Autre enseignement : la crise a mis en avant l'importance du "made in France", générant des opportunités de relocalisation de commandes au bénéfice des entreprises membres dans des domaines variés (agro-alimentaire, santé, pharmacie, dispositifs médicaux, textile, packaging, géothermie, conditionnement, circuit-court…). Le cluster Mécaloire installé en Auvergne-Rhône-Alpes et spécialisé dans la mécanique et la métallurgie a ainsi mis en place une plateforme numérique "Production en France !" recensant les compétences des entreprises mécaniques implantées sur le territoire.

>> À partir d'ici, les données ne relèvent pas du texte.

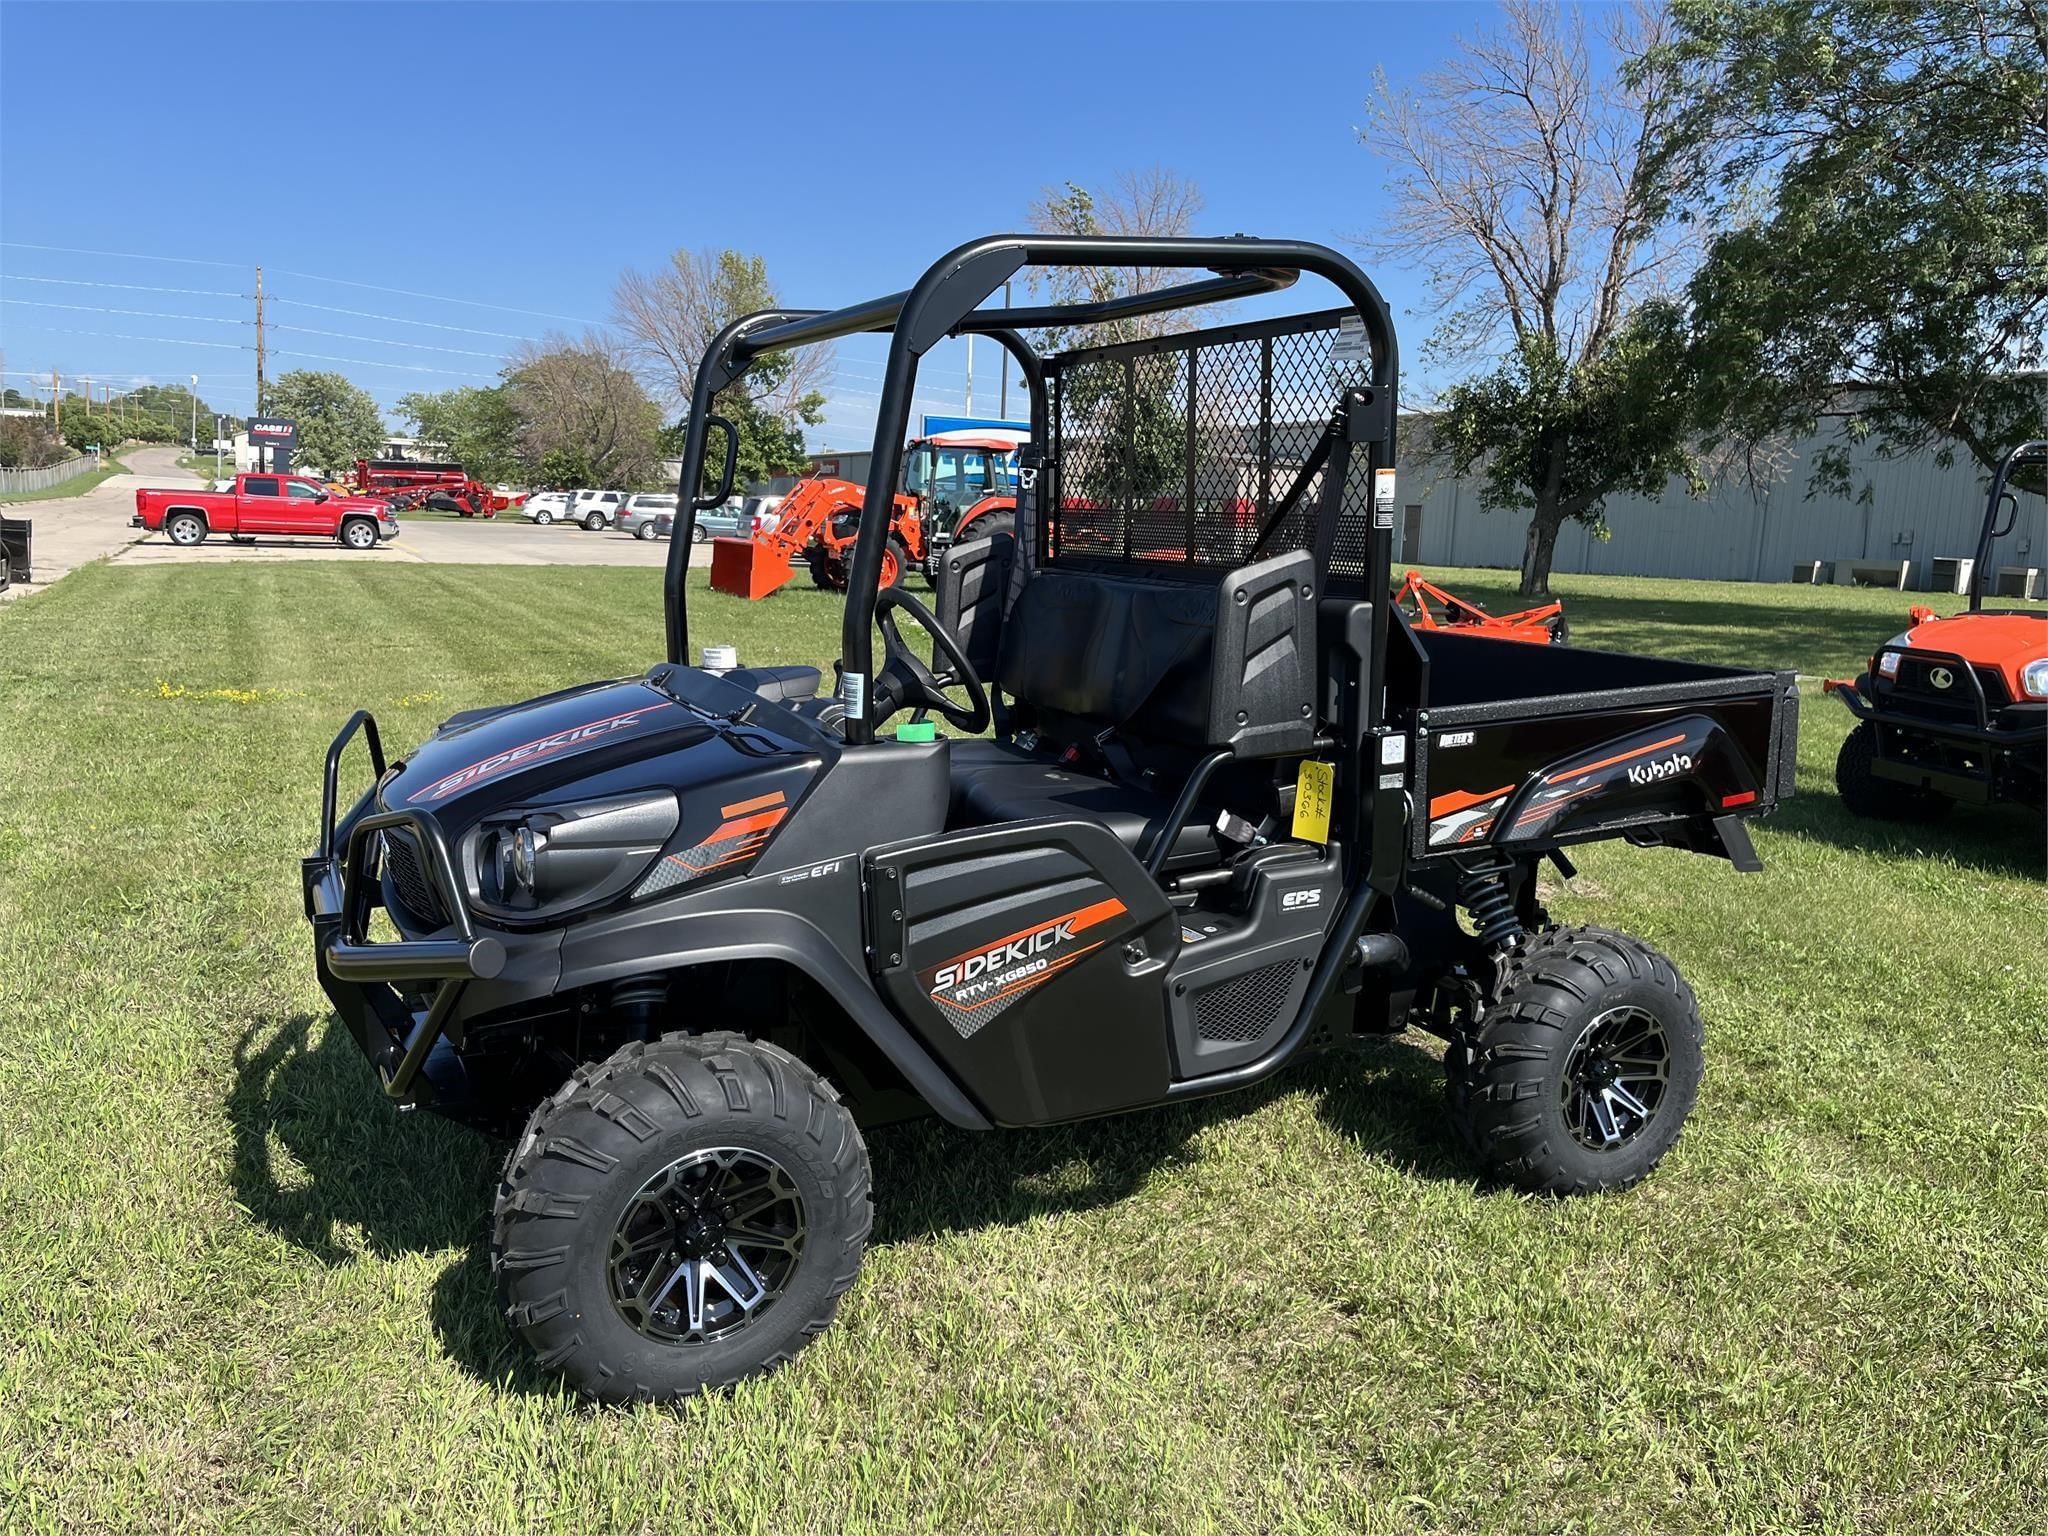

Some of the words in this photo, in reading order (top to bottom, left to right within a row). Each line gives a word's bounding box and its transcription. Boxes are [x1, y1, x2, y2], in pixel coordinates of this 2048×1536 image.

Ce "catalogue" a été présenté aux donneurs d'ordre pour les inciter à y avoir recours et, par ce biais, à relocaliser leurs commandes. "Depuis le lancement de la plateforme fin juillet 2020, deux gros donneurs d'ordre nous ont sollicités pour des affaires de plus d'un million et demi d'euros, a expliqué Christophe Rosenstiel, président de Mécaloire, ils sous-traitaient en Asie et en Europe de l'Est mais veulent ramener leur production en France. Il y a quelques années c'était très compliqué mais maintenant les entreprises françaises trouvent des solutions pour ramener leur taux horaire à des coûts compétitifs. Nous souhaitons que 'Produire en France' devienne un label, voire une marque." L'objectif de la plateforme est triple : ramener en France des productions qui se faisaient à l'extérieur, favoriser les réimplantations, avec l'aide de la métropole de Saint-Etienne, et moderniser les structures de production pour les rendre plus compétitives. Car comme l'a précisé David Cousquer, gérant de Trendeo, les entreprises françaises accusent un grand retard en matière d'installation de robots par rapport à Singapour, la Corée du Sud, le Japon ou même l'Allemagne.

 

Trait d'union entre entreprises et institutions publiques

Enfin, d'après l'enquête de France Clusters, les entreprises trouvent aussi dans la crise des opportunités à plus long terme, avec la création de nouveaux marchés. C'est le cas pour le cluster Mobilité active et durable qui s'est créé à Lyon, dédié au vélo en ville. Autres exemples : la reconversion, au sein du Pôle Culture et patrimoines, d'entreprises de création de chapiteaux en fabrication de véranda, ou, chez Eurobiomed en région Paca et en Occitanie, la reconversion d'entreprises du numérique vers la santé (télémédecine notamment).

Au-delà de ces potentiels, les clusters d'entreprises et pôles de compétitivité ont aussi joué un rôle d'intermédiaire entre leurs entreprises adhérentes et les institutions publiques, pour les aider à avoir recours aux outils de financement régionaux et nationaux mis en place mais aussi pour faire remonter leurs besoins auprès de ces institutions.